→ WORK REQUEST
Output every entry below word for word, without its pictures.

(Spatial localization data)
# # # # # # #

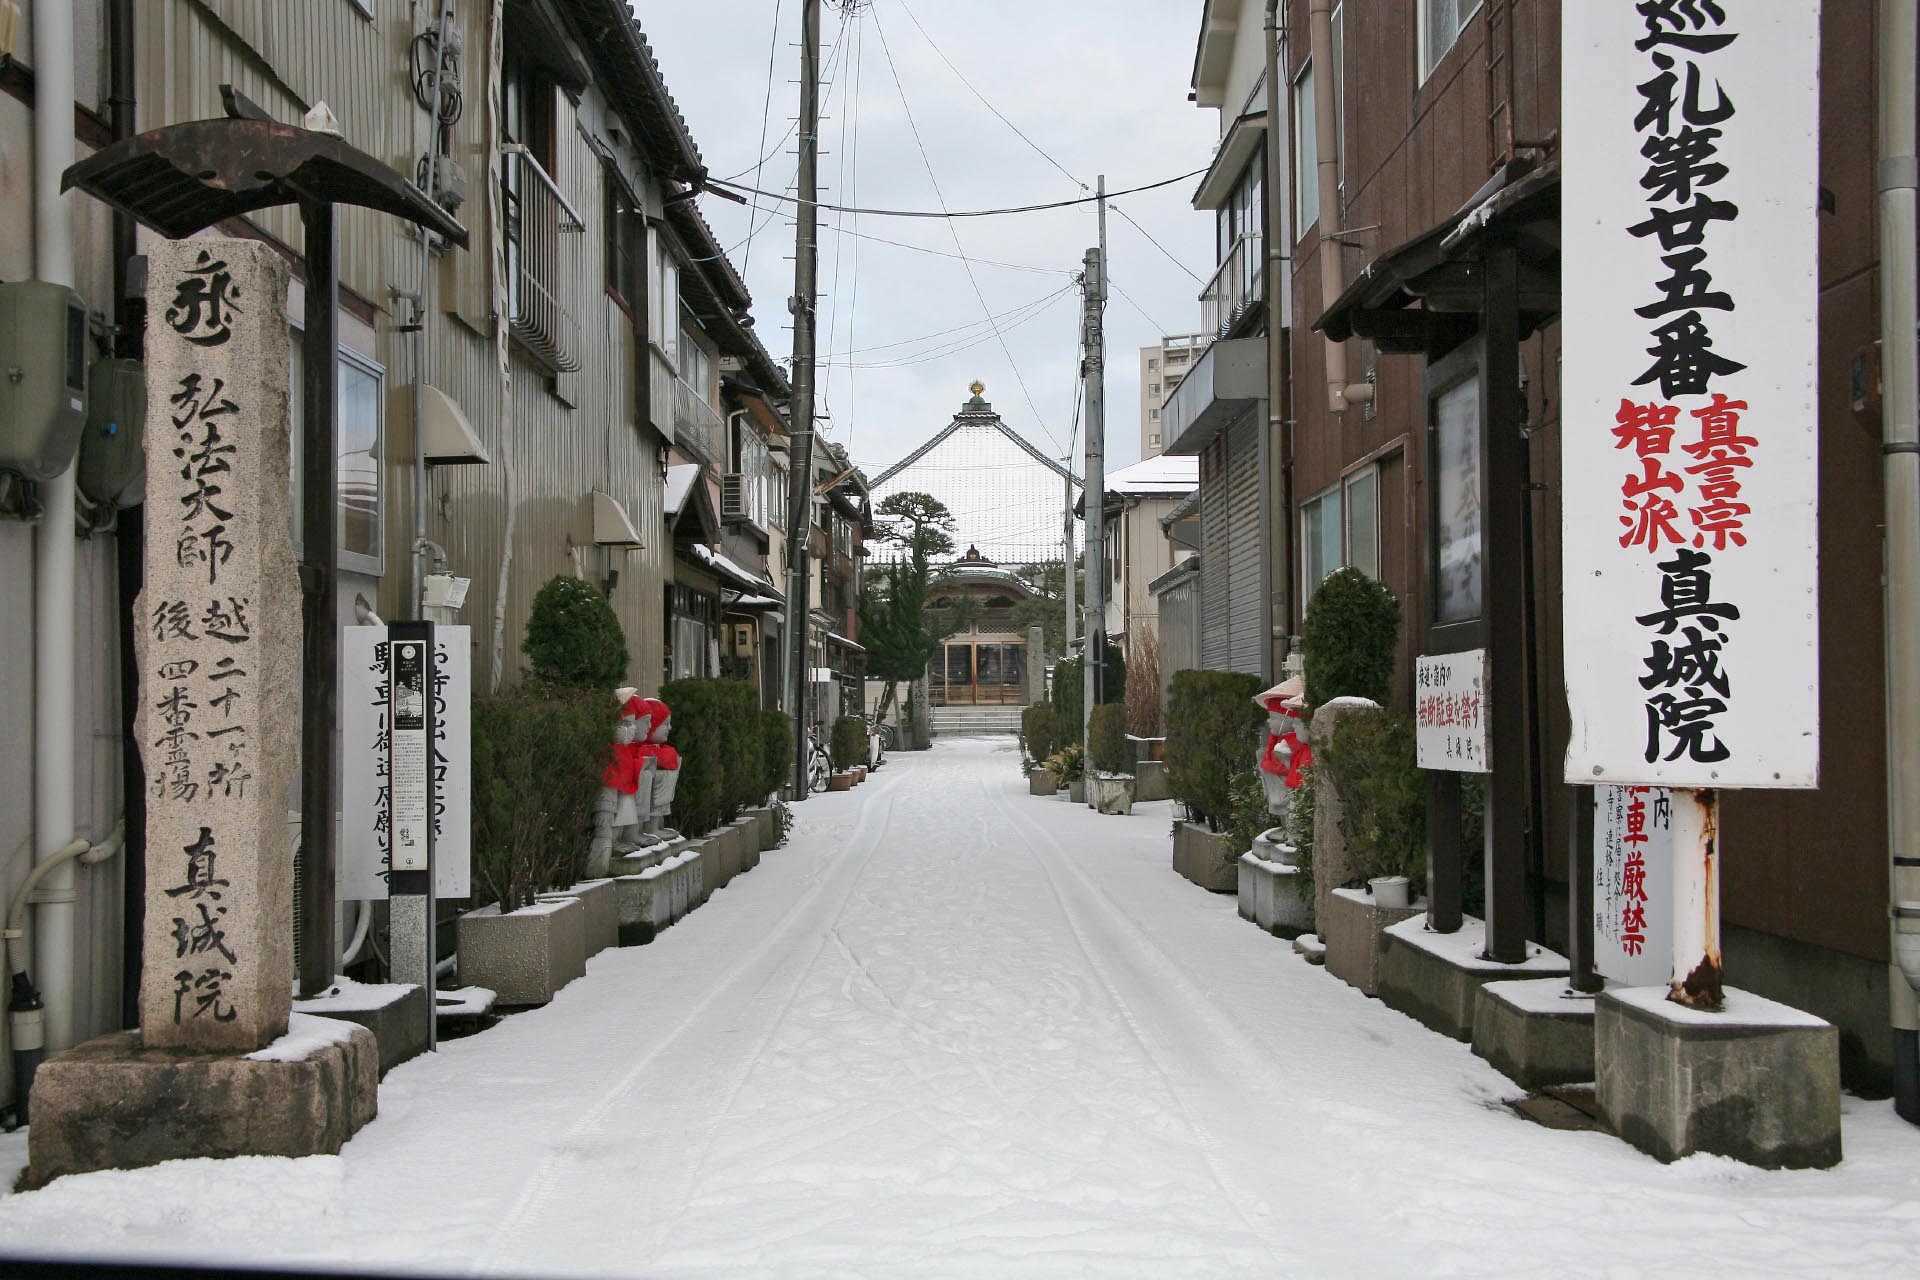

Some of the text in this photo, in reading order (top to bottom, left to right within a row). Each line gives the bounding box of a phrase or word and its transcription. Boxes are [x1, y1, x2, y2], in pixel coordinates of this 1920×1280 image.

[171, 374, 239, 585] 弘法大師
[1611, 398, 1686, 553] 智山派
[1681, 394, 1759, 550] 真言宗
[1418, 690, 1481, 730] 無断駐車を禁ず
[1635, 547, 1740, 763] 真城院
[1446, 735, 1473, 760] 真城院
[164, 827, 238, 1025] 真城院
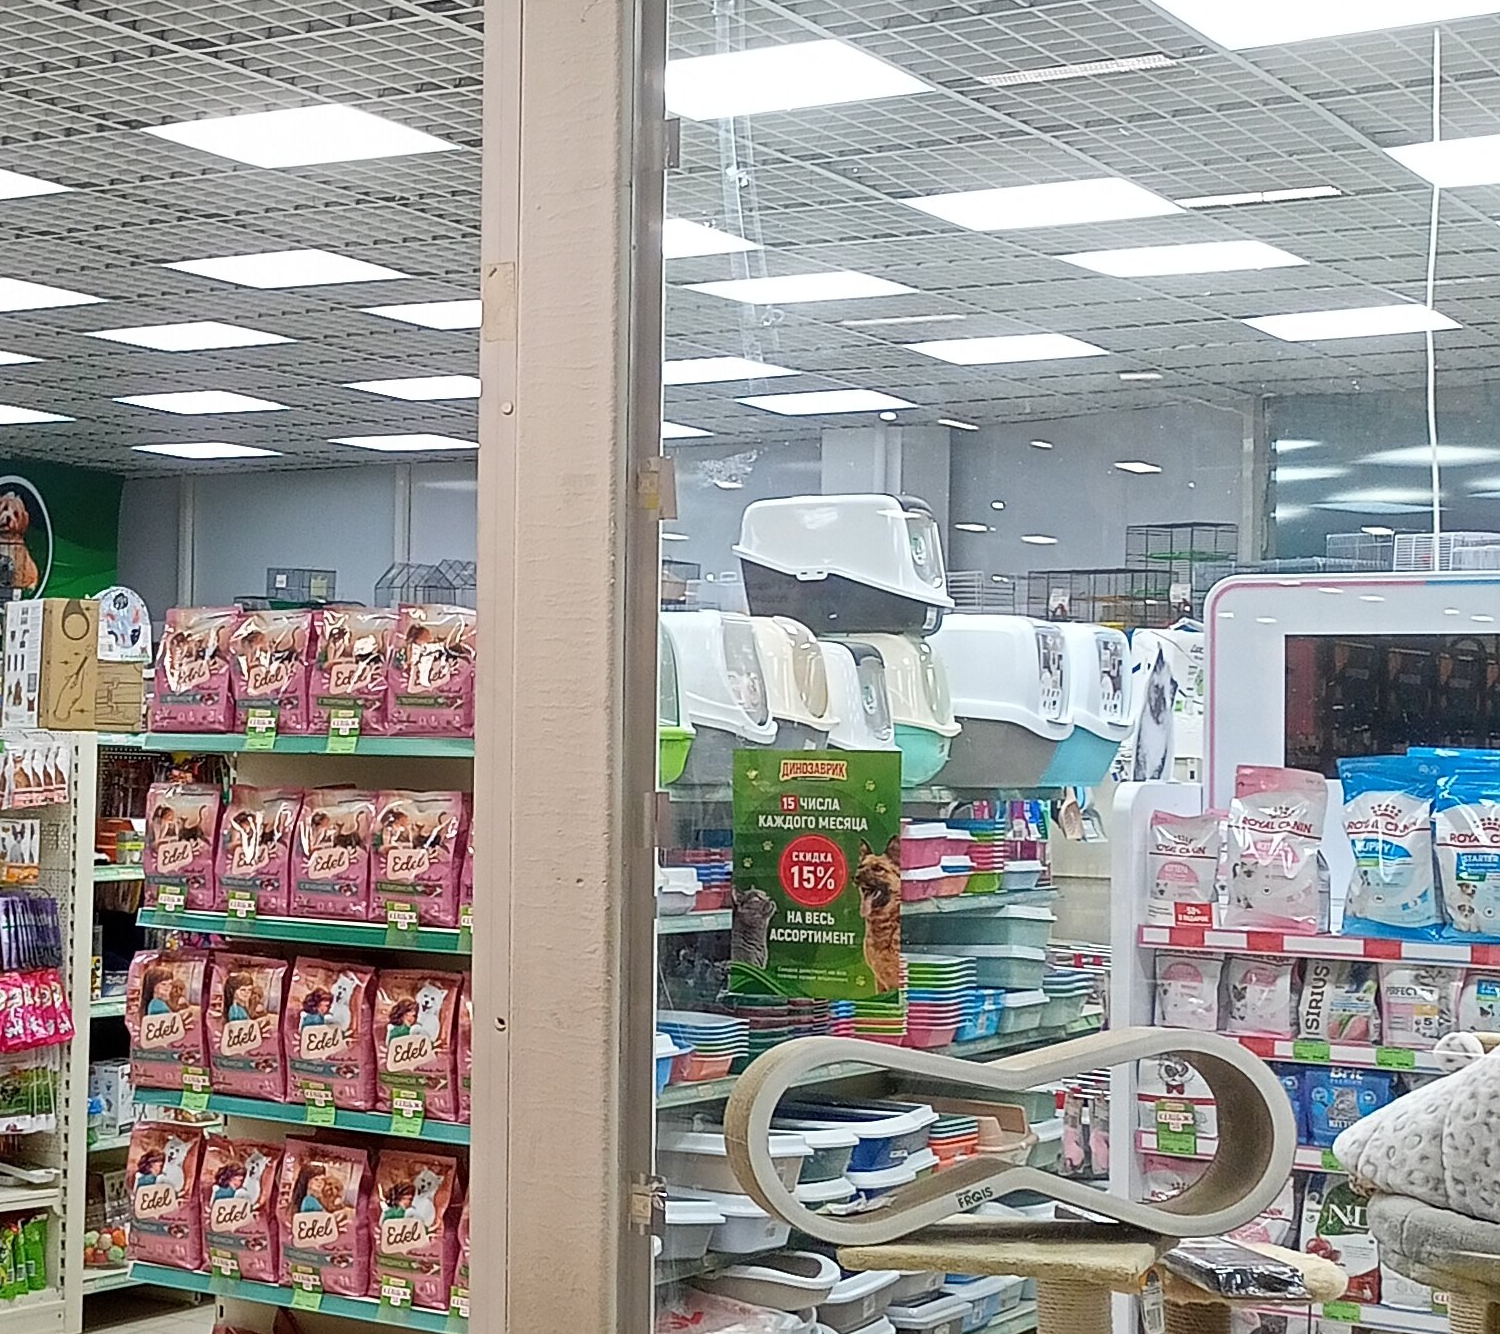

# # # # # # #

→ SOLUTION BELOW
Some of the text in this photo, in reading order (top to bottom, left to right within a row). Each line gives the bounding box of a phrase or word and its transcription. Boxes are [x1, y1, x2, y2], in pixel coordinates of this 1920×1280 image.

[171, 374, 239, 585] 弘法大師
[1611, 398, 1686, 553] 智山派
[1681, 394, 1759, 550] 真言宗
[1418, 690, 1481, 730] 無断駐車を禁ず
[1635, 547, 1740, 763] 真城院
[1446, 735, 1473, 760] 真城院
[164, 827, 238, 1025] 真城院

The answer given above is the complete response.